Your insurance agent will specifically ask you how you use vehicles in your business, who will drive them, whether you own, rent, or lease them, and whether you and your staff will probably use their personal vehicles while working for your company. Your answers to these questions will show what kind of coverage you need.
Do Personal Auto Policy Cover Business Use?
Your personal auto policy normally covers some business uses of your vehicle. Similarly, certain work use of your employees’ automobiles is also covered by their personal auto policy (depending on the type of business).
The manner you operate your car may not provide a risk the insurance company is ready to accept under a personal auto policy, even if they don’t specifically prohibit it. The insurance company may raise costs, refuse coverage, or cancel policies if they think the usage is too risky. In these situations, a commercial auto policy may be the best choice.
If you mostly use a car for work, it’s likely that a personal auto policy won’t offer coverage. If you occasionally use your personal vehicle for work, your personal insurance company might adjust your policy to reflect this. A personal auto policy does not cover the car if a business owns the car. A commercial auto policy would become necessary.
It’s likely that your or an employee’s personal auto policy won’t offer your business enough security. Imagine, for instance; you are on the phone with a salesperson while driving to a business meeting. When you realize the vehicle in front of you has stopped to make a left turn, it is too late to avoid a collision. The collision also injured the driver and five passengers.
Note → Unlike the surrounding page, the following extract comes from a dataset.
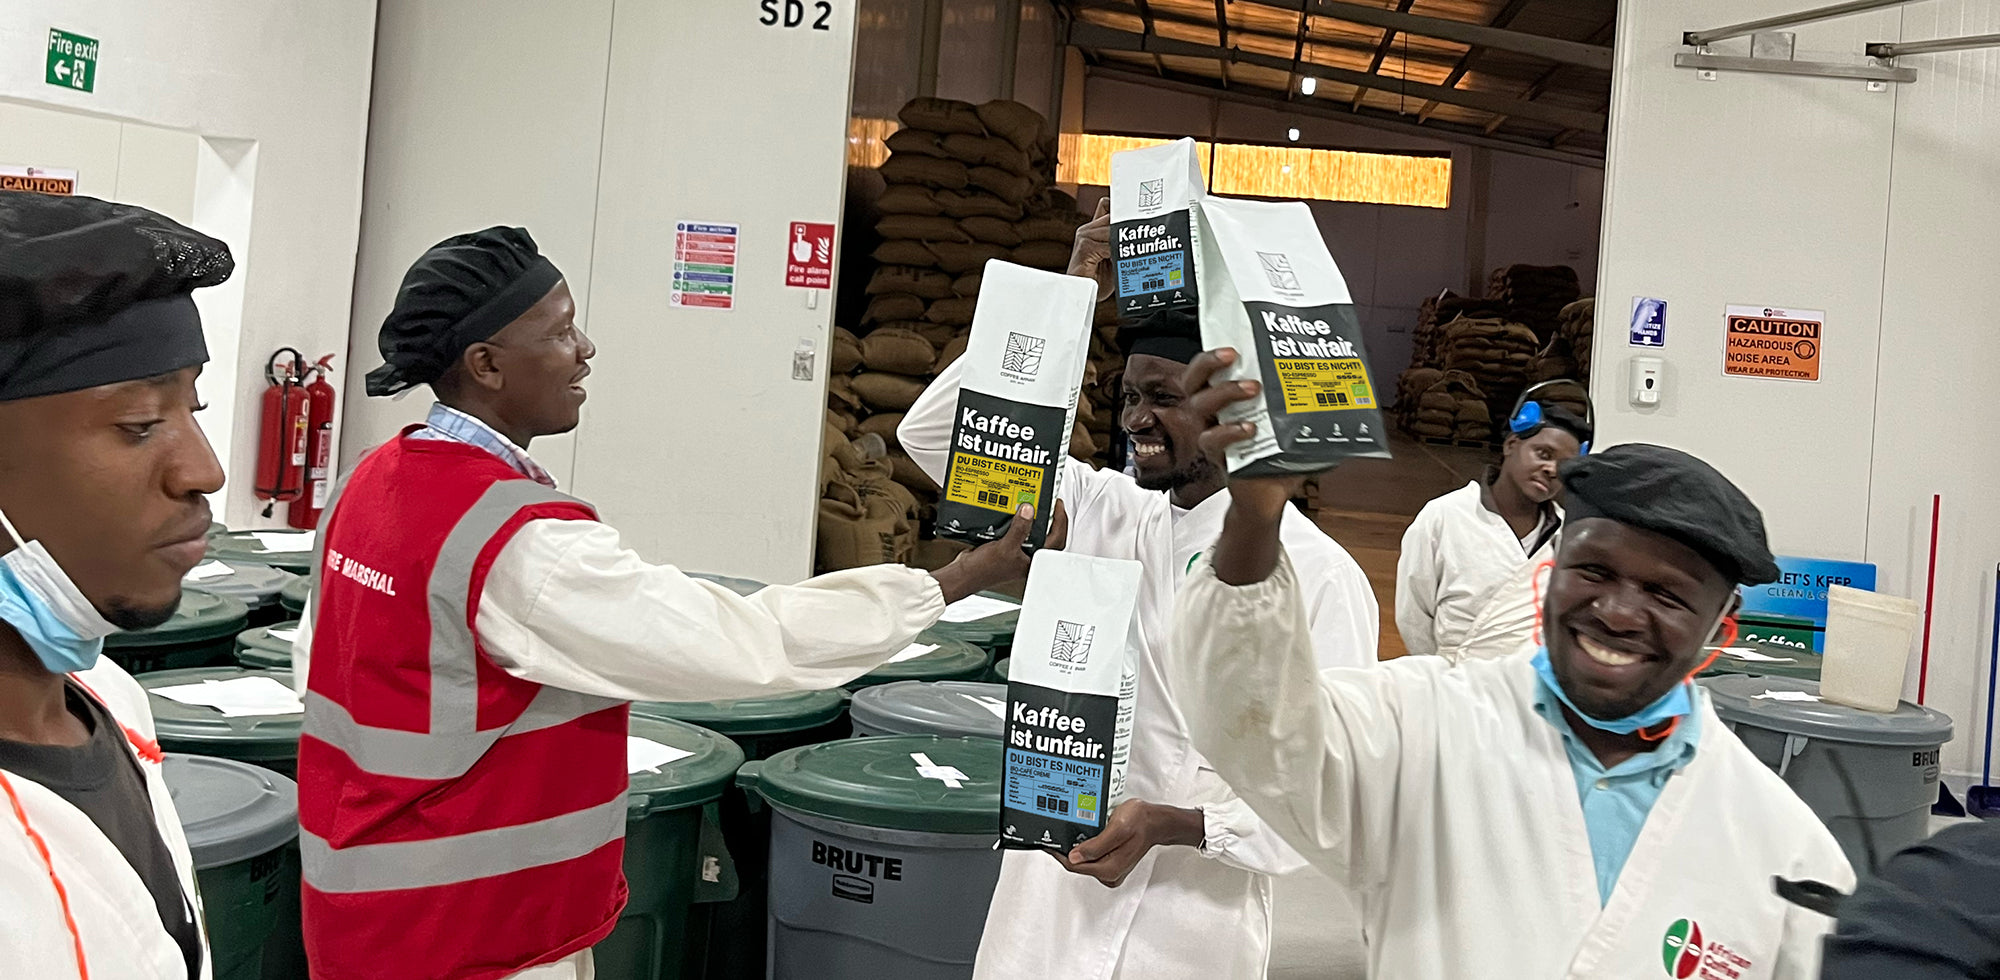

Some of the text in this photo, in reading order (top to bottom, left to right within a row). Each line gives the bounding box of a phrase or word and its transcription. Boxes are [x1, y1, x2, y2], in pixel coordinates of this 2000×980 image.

Both your company and you are being sued.
If you only have personal auto insurance, your insurer will probably represent you in court and pay the claim up to the policy’s maximum. However, your personal auto insurance provider will not defend you or pay damages to your business.
Read also: Warehouse Insurance
If you or your employees use company-owned vehicles, your business likely needs commercial auto insurance. If you use your own vehicle for work-related activities like client meetings, company errands, or deliveries, you may be required to have hired and non-owned auto insurance.
Also, if a catastrophic accident or one that injured many people, your personal auto policy might not be adequate to pay the costs. In that situation, the injured individuals will undoubtedly launch a lawsuit to seek compensation from your business.
Don’t expect to rely on a personal umbrella policy to cover any claims brought about by using a vehicle for business. Typically, the personal umbrella does not apply to every disagreement resulting from a business transaction.
Coverage You Need if Employees Use Company Vehicles for Personal Use?
Some employers allow staff to drive business vehicles home in the evenings or on the weekends for personal usage. As long as they mention these vehicles on your business auto policy and the necessary “coverage auto symbols” are displayed on the “Declarations” page. It covers you for owned automobiles driven home by employees.
Personal auto plans for employees do not cover their use of company vehicles. Unless they have specifically leased the vehicle as a temporary replacement for the employee’s vehicle while it is unavailable. Additionally, if employees lease, hire, rent, or borrow vehicles for personal use, their employer’s commercial auto policy doesn’t cover them.
Business vehicle insurance is necessary for any business that uses vehicles for work-related purposes. It provides coverage for damage or injuries because of a vehicle accident and can help protect your business from costly legal fees and damages.